Ictero-uremigenic angiocholitis where the septic component dominates. a real table of gram-negative sepsis with cholestatic jaundice [2]. There is oliguria and renal insufficiency with increased serum creatinine. It requires urgent removal of the obstacle and sometimes the use of renal dialysis. The severity of cholangitis is related to the dissemination of the infection with the risk of shock and neuropsychic disorders. The association of shock and confusion with Charcot's triad constitutes "Reynolds' pentad” [12].

Conclusion

Mirizzi syndrome is a rare condition whose preoperative diagnosis is becoming more and more precise thanks to cross-sectional imaging.

Cholangitis is a diagnostic and therapeutic emergency, its complications threaten the vital prognosis.

Ictero-uremigenic cholangitis is a sepsis with a biliary starting point.

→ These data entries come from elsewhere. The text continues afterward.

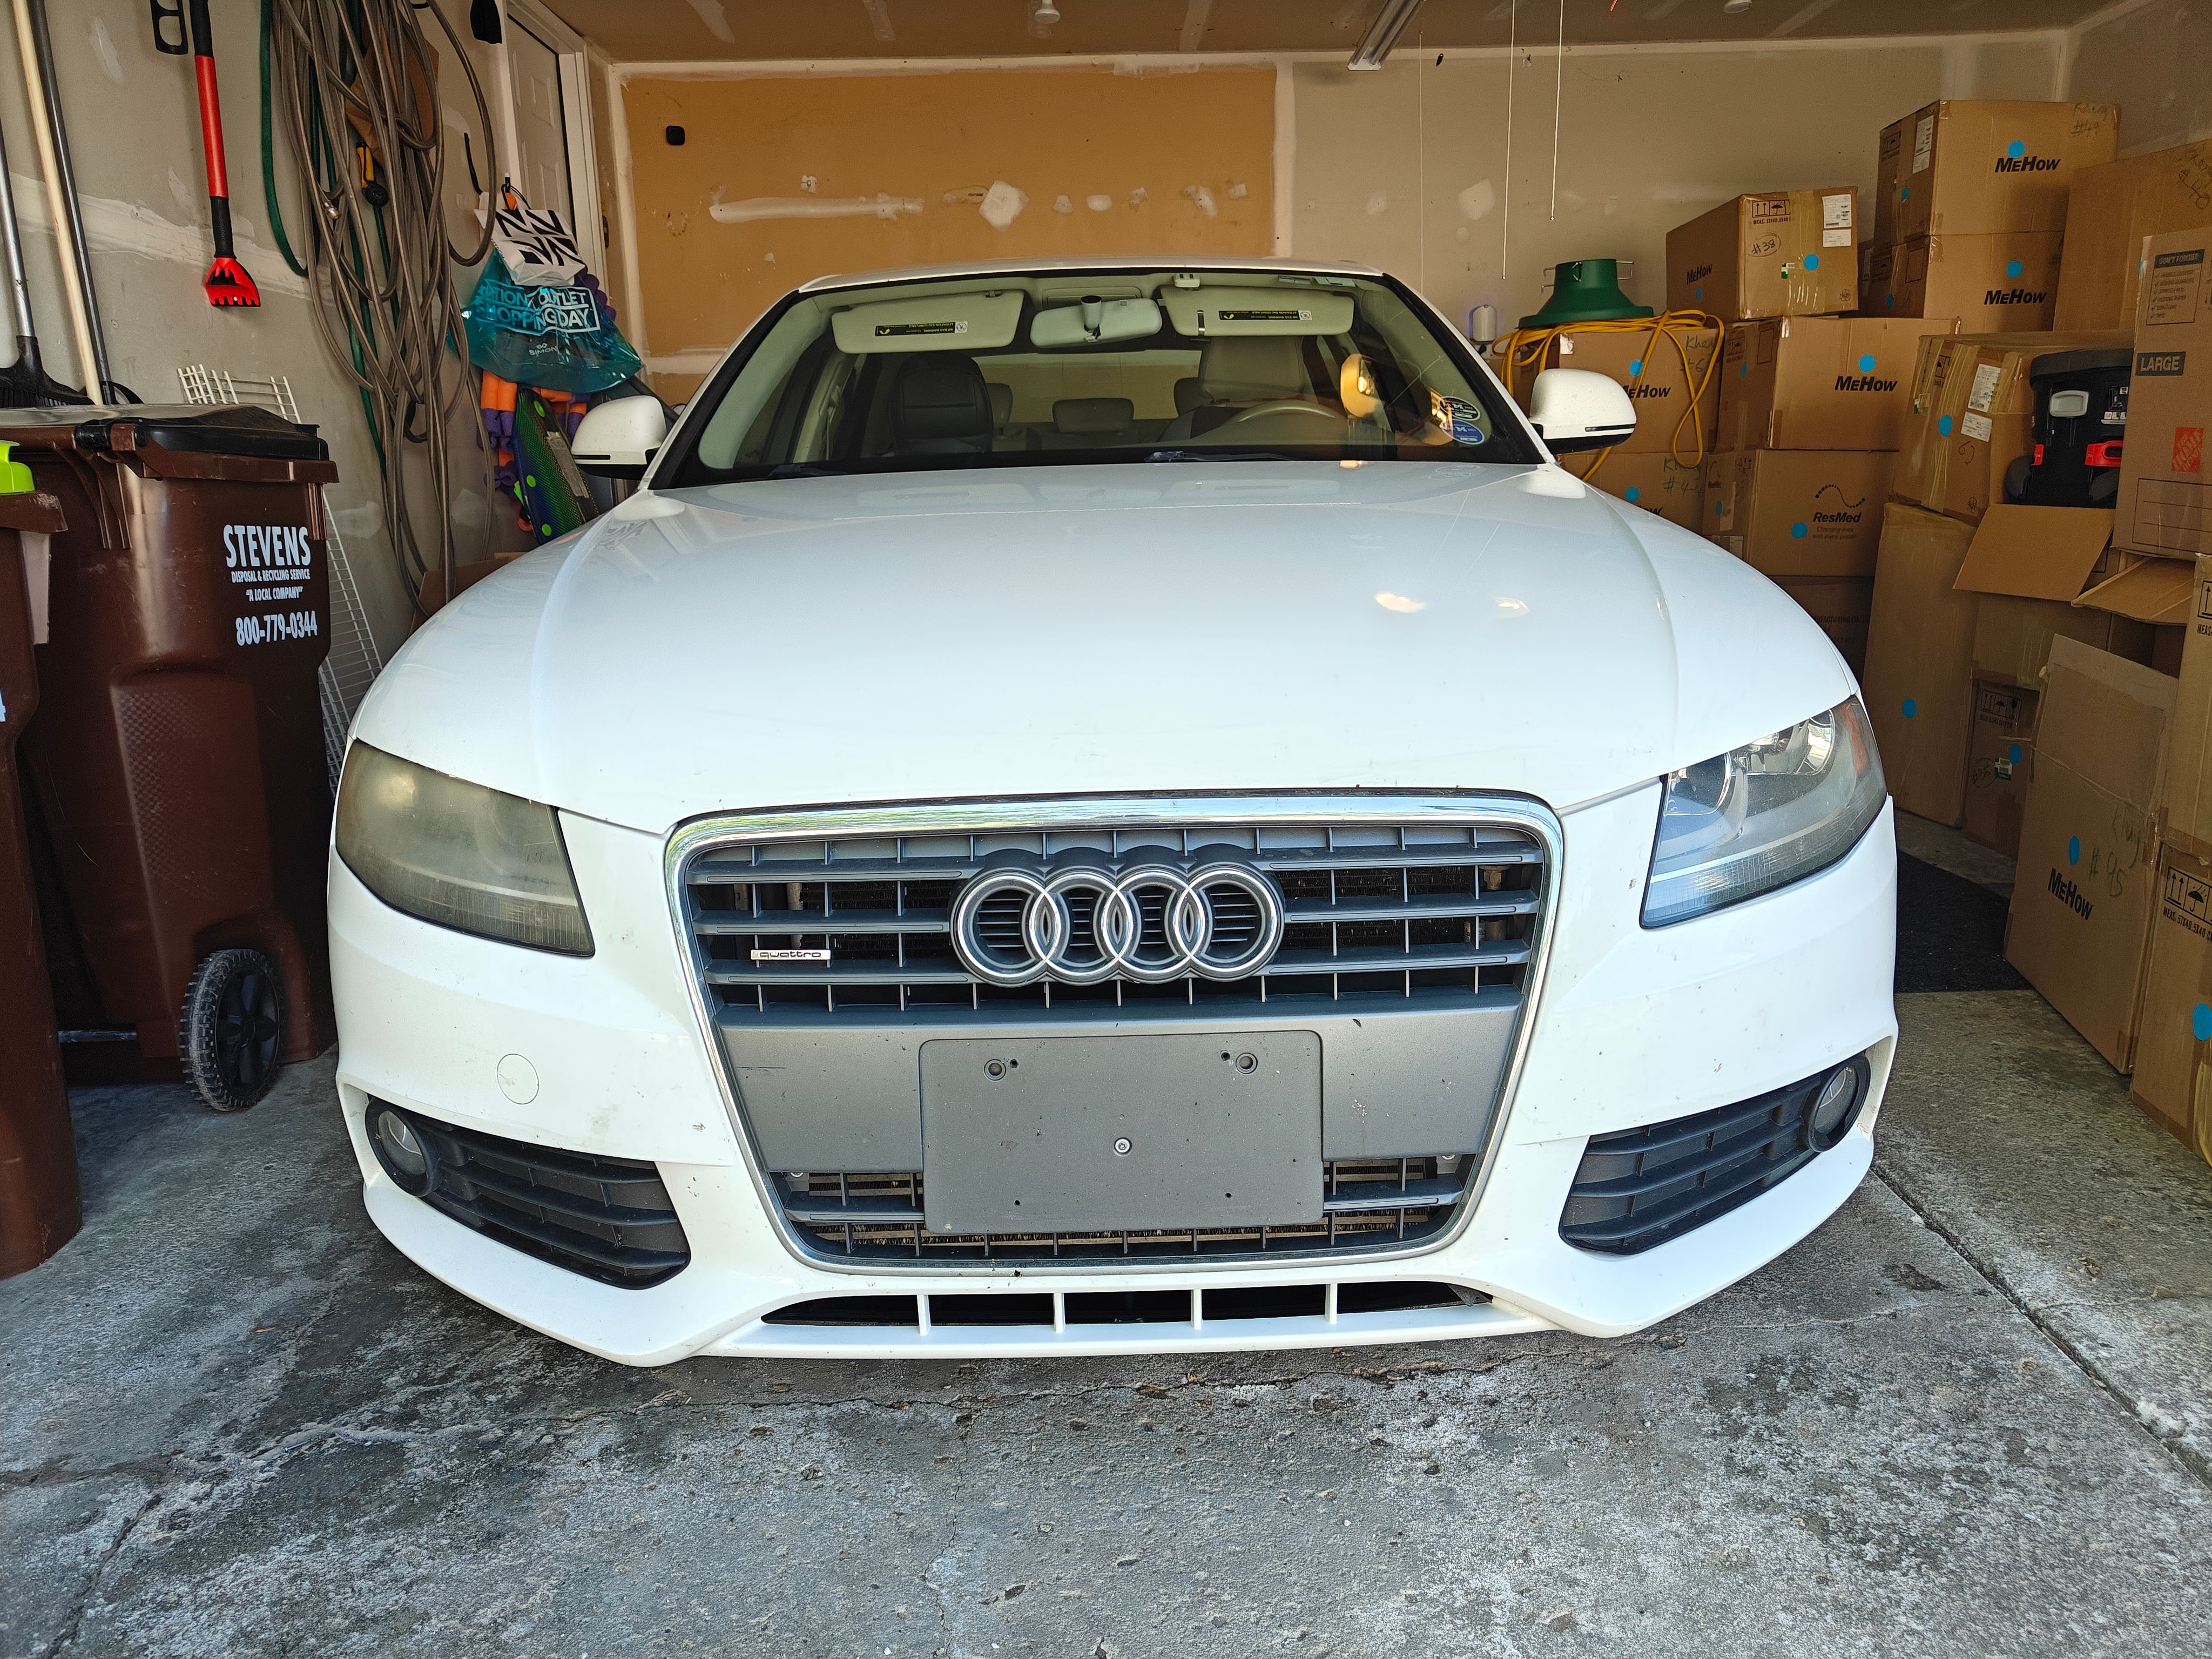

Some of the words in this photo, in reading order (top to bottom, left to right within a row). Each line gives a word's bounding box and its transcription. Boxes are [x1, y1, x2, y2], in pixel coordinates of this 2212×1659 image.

[538, 289, 586, 307] OUTLET
[476, 304, 557, 331] HOPPING
[556, 308, 589, 328] DAY
[529, 345, 557, 356] SIMON
[2140, 356, 2180, 372] LARGE
[1813, 512, 1862, 523] ResMed
[223, 524, 311, 568] STEVENS
[231, 570, 257, 583] DISPOSAL
[257, 570, 263, 582] &
[262, 569, 289, 582] RECYCLING
[290, 568, 311, 581] SERVICE
[254, 588, 272, 601] LOCAL
[235, 610, 318, 646] 800-779-0344
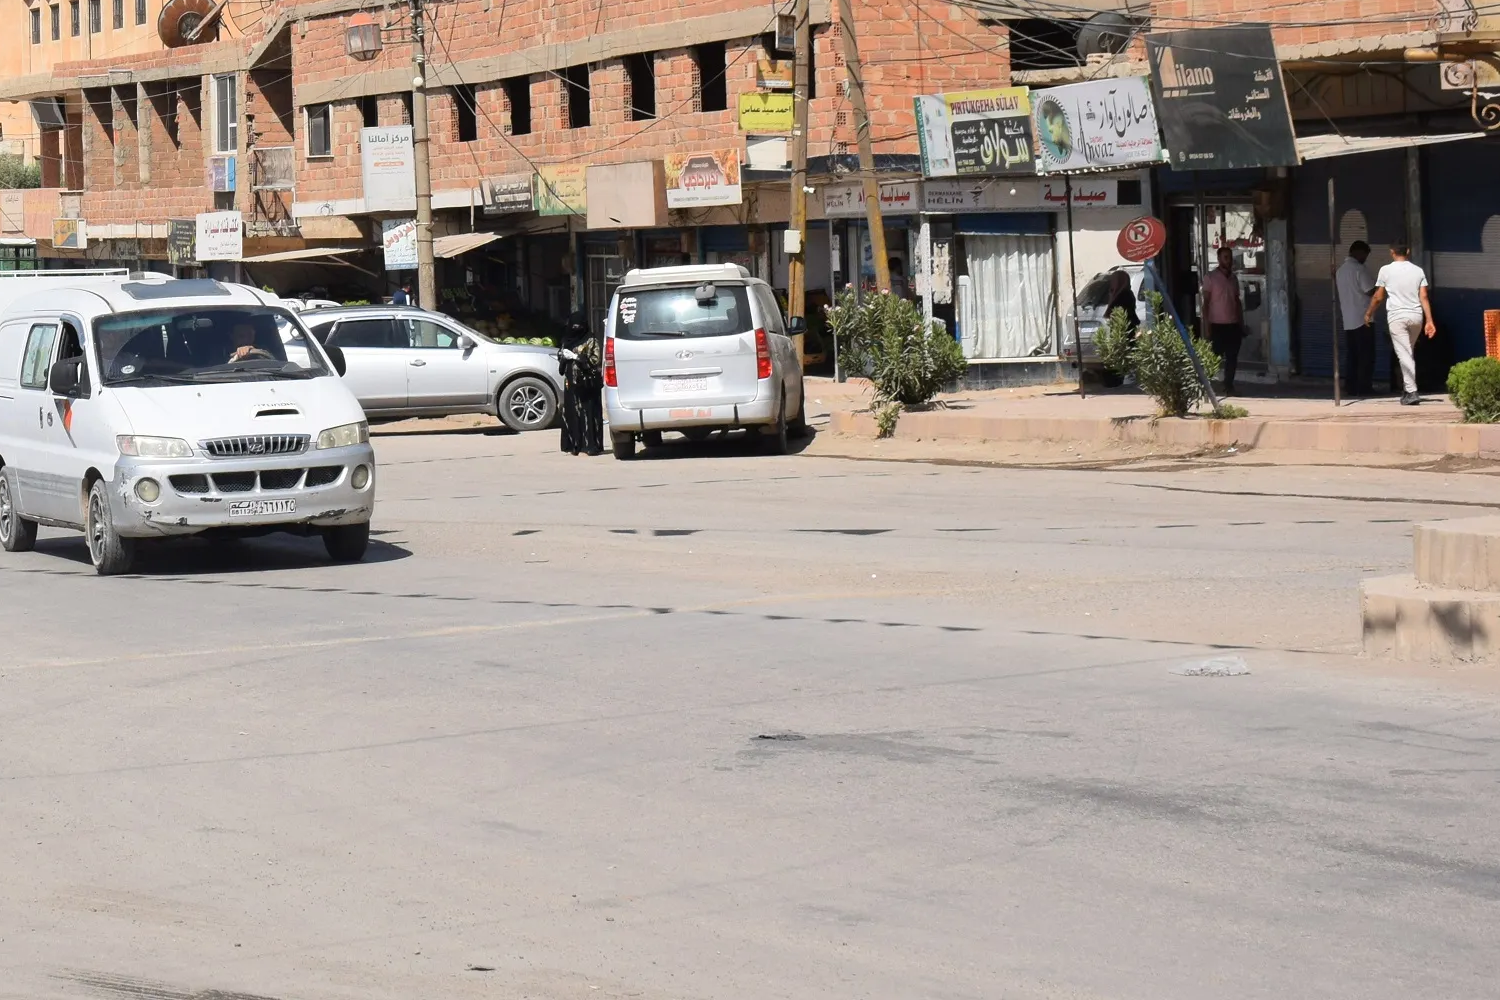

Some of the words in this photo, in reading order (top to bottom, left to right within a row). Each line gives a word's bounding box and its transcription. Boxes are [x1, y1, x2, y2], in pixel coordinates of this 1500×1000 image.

[1005, 120, 1025, 137] مكتبة
[391, 134, 409, 144] مركز
[1044, 184, 1107, 206] صيدية
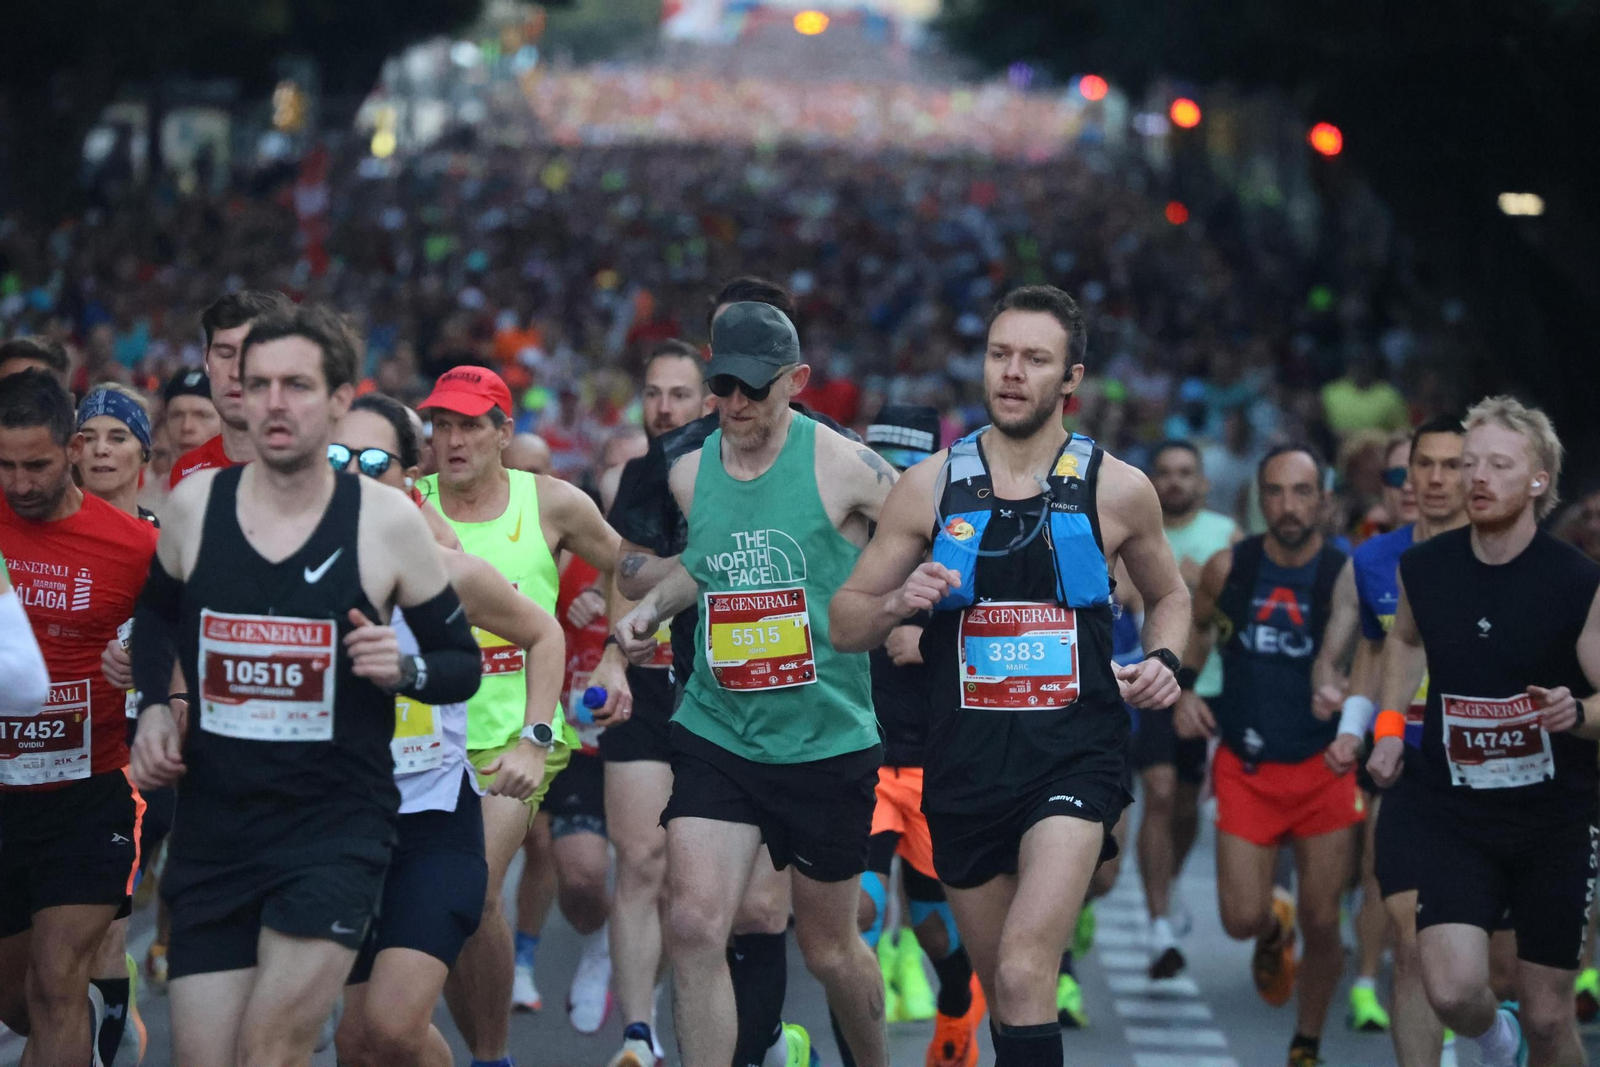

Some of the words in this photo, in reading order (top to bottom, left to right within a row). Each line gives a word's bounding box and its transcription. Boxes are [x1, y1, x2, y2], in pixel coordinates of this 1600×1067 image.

[1050, 502, 1078, 511] EVADICT
[731, 530, 767, 549] THE
[706, 548, 769, 572] NORTH
[727, 567, 772, 587] FACE
[15, 583, 67, 611] ÁLAGA
[730, 594, 798, 611] GENERALI
[988, 608, 1066, 624] GENERALI
[231, 622, 323, 644] GENERALI
[732, 626, 780, 646] 5515
[988, 642, 1045, 661] 3383
[222, 659, 303, 687] 10516
[778, 662, 798, 671] 42K
[47, 687, 80, 703] RALI
[1039, 683, 1061, 692] 42K
[1466, 699, 1532, 717] GENERALI
[0, 720, 66, 740] 17452
[18, 741, 45, 749] OVIDIU
[1463, 730, 1526, 749] 14742
[403, 745, 423, 754] 21K
[54, 757, 73, 766] 21K
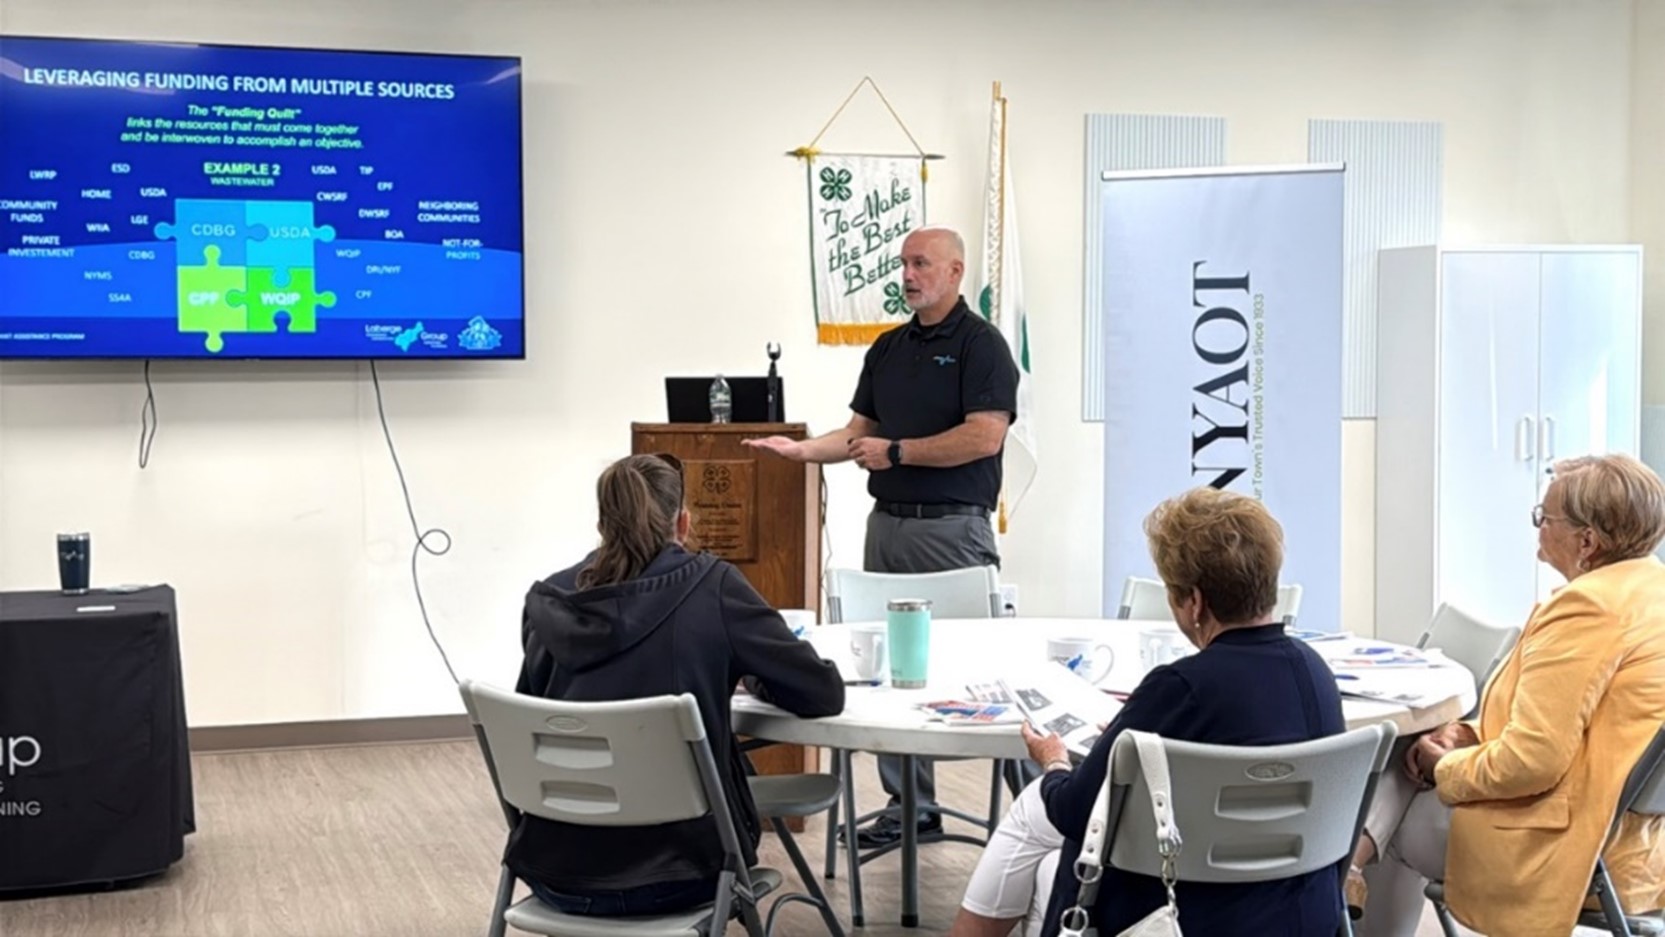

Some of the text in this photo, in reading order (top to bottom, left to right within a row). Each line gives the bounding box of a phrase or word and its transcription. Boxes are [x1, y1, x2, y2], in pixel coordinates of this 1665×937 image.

[24, 68, 455, 100] LEVERAGING FUNDING FROM MULTIPLE SOURCES
[188, 104, 209, 116] The
[127, 117, 359, 137] links the resources that must come together
[121, 131, 143, 142] and
[145, 131, 159, 142] be
[162, 131, 221, 144] interwoven
[224, 133, 234, 145] to
[237, 135, 297, 148] accomplish
[298, 138, 313, 147] an
[203, 161, 281, 177] EXAMPLE 2
[311, 165, 337, 175] USDA
[359, 165, 374, 176] TIP
[29, 170, 57, 180] LWRP
[210, 176, 275, 187] WASTEWATER
[376, 181, 393, 191] EPF
[81, 189, 112, 200] HOME
[140, 187, 167, 198] USDA
[316, 191, 348, 202] CWSRF
[0, 200, 58, 210] OMMUNITY
[418, 201, 479, 212] NEIGHBORING
[852, 178, 911, 228] Make
[10, 212, 44, 223] FUNDS
[358, 208, 390, 218] DWSRF
[417, 212, 481, 224] COMMUNITIES
[130, 214, 149, 225] LGE
[191, 224, 236, 237] CDBG
[269, 225, 312, 239] USDA
[384, 229, 404, 239] BOA
[22, 235, 61, 246] PRIVATE
[442, 238, 484, 249] NOT-FOR-
[829, 212, 911, 273] the Best
[128, 250, 156, 260] CDBG
[335, 248, 361, 259] WQIP
[445, 250, 481, 261] PROFITS
[83, 271, 113, 281] NYMS
[843, 253, 903, 297] Bette
[108, 292, 132, 303] SS4A
[187, 291, 220, 306] CPF
[260, 291, 301, 307] WQIP
[355, 289, 372, 300] CPF
[1253, 293, 1264, 320] 1933
[420, 331, 448, 342] Group
[1252, 322, 1264, 355] Since
[1252, 358, 1264, 393] Voice
[1252, 395, 1263, 441] Trusted
[1252, 442, 1263, 485] Town's

This is a serious and frequently fatal complication if left untreated.

Ethical approval

Not applicable, this is a case report.

Sources of funding

This research was not funded.

Author contribution

INASS ARHOUN EL HADDAD: study conception, data collection and analysis, writing and editing. AMINE ELMOUHIB: study conception, data collection and analysis, writing and editing. Amal Mojahid: data collection. HOUSSAM BKIYAR: Supervision and review data validation. IMANE KAMAOUI: Supervision and review data validation. BRAHIM HOUSNI: Supervision and review data validation.

Research registration number

This is not an interventional study. We only reported the patients’ findings from our database as a case series.

Guarantor

Inass Arhoun El Haddad and Amine Elmouhib.

Consents

Written informed consent was obtained from the patient for publication of this case report and accompanying images. A copy of the written consent is available for review by the Editor-in-Chief of this journal on request.

Declaration of competing interest

The authors declare no conflict of interest.